Un estudio publicado en agosto de 2026 por la Global Initiative Against Transnational Organized Crime (GI-TOC) revela que las rutas terrestres que unen Malí, Níger y Libia continúan alimentando las redes criminales, a determinados actores vinculados al Estado y a varios grupos armados, pese a los conflictos, los golpes de Estado y los cambios políticos registrados en la región.
El corredor terrestre que conecta Malí, Níger y Libia sigue siendo una de las principales rutas de tránsito de cocaína entre África Occidental y los mercados europeos, a pesar de los conflictos armados, los golpes de Estado y las transformaciones políticas ocurridas en la región, según un informe publicado en agosto por la Global Initiative Against Transnational Organized Crime (GI-TOC).
El documento subraya que, aunque la mayor parte de la cocaína destinada a Europa se transporta por vía marítima, las rutas terrestres que atraviesan el Sahel desempeñan un papel crucial en las economías de guerra y en los sistemas de protección que alimentan los conflictos regionales.
Según los autores, el tráfico de cocaína en África del Oeste ha aumentado considerablemente desde 2019, impulsado por el incremento de la producción en América Latina, la creciente demanda europea y el refuerzo de los controles sobre las rutas marítimas directas hacia Europa.
El informe señala que los actores vinculados al Estado dominan los segmentos más lucrativos del tráfico en Malí, Níger y Libia. Los grupos armados participan principalmente escoltando convoyes, asegurando las rutas y controlando territorios, mientras que organizaciones yihadistas, en particular el Estado Islámico en el Sahel (IS Sahel), obtienen ingresos indirectos mediante el cobro de impuestos a los cargamentos que atraviesan las zonas bajo su influencia.
En Malí, la ofensiva lanzada por las Fuerzas Armadas Malienses (FAMa) a partir de 2023 provocó una reconfiguración de los itinerarios. Los convoyes abandonaron varias rutas tradicionales en torno a Kidal para utilizar trayectos más largos a través de la región de Ménaka antes de entrar en Níger.
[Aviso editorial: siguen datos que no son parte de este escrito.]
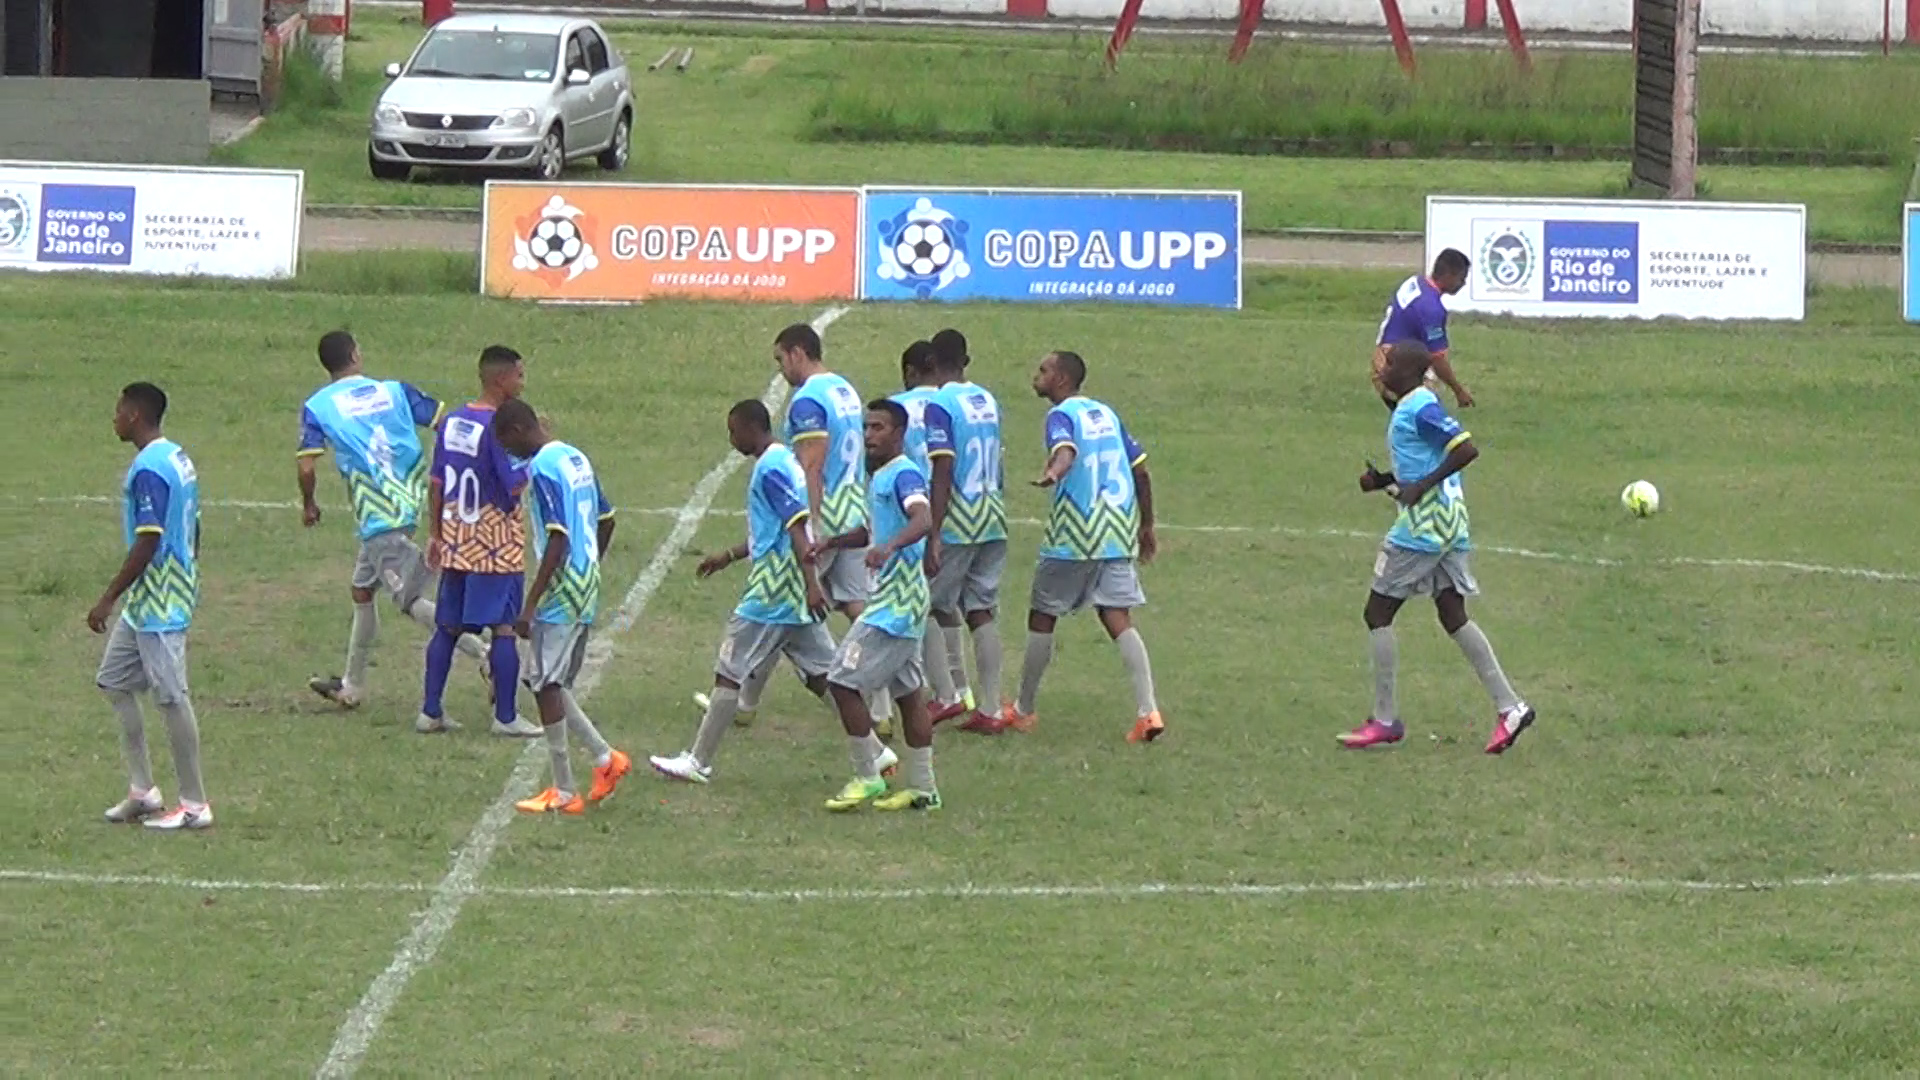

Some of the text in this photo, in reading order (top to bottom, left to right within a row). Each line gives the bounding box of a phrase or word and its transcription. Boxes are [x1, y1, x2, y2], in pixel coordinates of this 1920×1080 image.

[46, 209, 126, 222] GOVERNO DO
[145, 214, 245, 226] SECRETARIA DE
[45, 220, 110, 238] Rio de
[209, 230, 249, 240] LAZER
[43, 236, 126, 256] Janeiro
[1549, 247, 1631, 259] GOVERNO DO
[1649, 251, 1751, 264] SECRETARIA DE
[1550, 258, 1615, 276] Rio de
[1716, 266, 1758, 276] LAZER
[1761, 267, 1768, 277] E
[1029, 280, 1114, 298] INTEGRAÇÃO
[1138, 282, 1176, 297] JOGO
[1549, 275, 1632, 294] Janeiro
[1650, 278, 1725, 290] JUVENTUDE
[840, 429, 861, 485] 9
[962, 436, 999, 492] 20
[1083, 450, 1128, 507] 13
En Níger, el golpe de Estado de julio de 2023 rompió los antiguos sistemas de protección política, provocando una fuerte perturbación de las redes de tráfico de cocaína y cannabis hasta finales de 2024. No obstante, el informe estima que estas redes comenzaron a reorganizarse desde mediados de 2025, con una creciente implicación de elementos cercanos a la Unión de Nigerinos para la Vigilancia y el Patriotismo (UNVP), presentada como un nuevo actor encargado de proteger los convoyes.
En Libia, las rutas que atraviesan la región de Fezzán siguen siendo esenciales para el tránsito de cocaína hacia el Mediterráneo. A pesar de los enfrentamientos registrados en 2025 y comienzos de 2026, varias redes habrían trasladado sus bases logísticas a localidades menos vigiladas, especialmente en torno al paso de Salvador, por donde, según fuentes citadas en el informe, transitan entre 60 y 70 kilogramos de cocaína al mes.
El documento recuerda además el uso persistente de la aviación ligera en el tráfico regional. Cita el caso conocido como «Air Cocaína» de 2009, cuando un Boeing 727 procedente de América Latina aterrizó en el norte de Malí con varias toneladas de cocaína, así como la incautación de 2,6 toneladas de esta droga en Bissau en septiembre de 2024 a bordo de un avión privado que, según los investigadores, tenía como destino Bamako.
Basado en más de 150 entrevistas realizadas entre septiembre de 2025 y enero de 2026 en Malí, Níger y Libia, el informe concluye que las rutas transaharianas siguen siendo resilientes y que el tráfico de cocaína continúa financiando redes criminales, actores vinculados al Estado y grupos armados, convirtiendo al corredor Malí-Níger-Libia en un elemento estructural de la inestabilidad en el Sahel.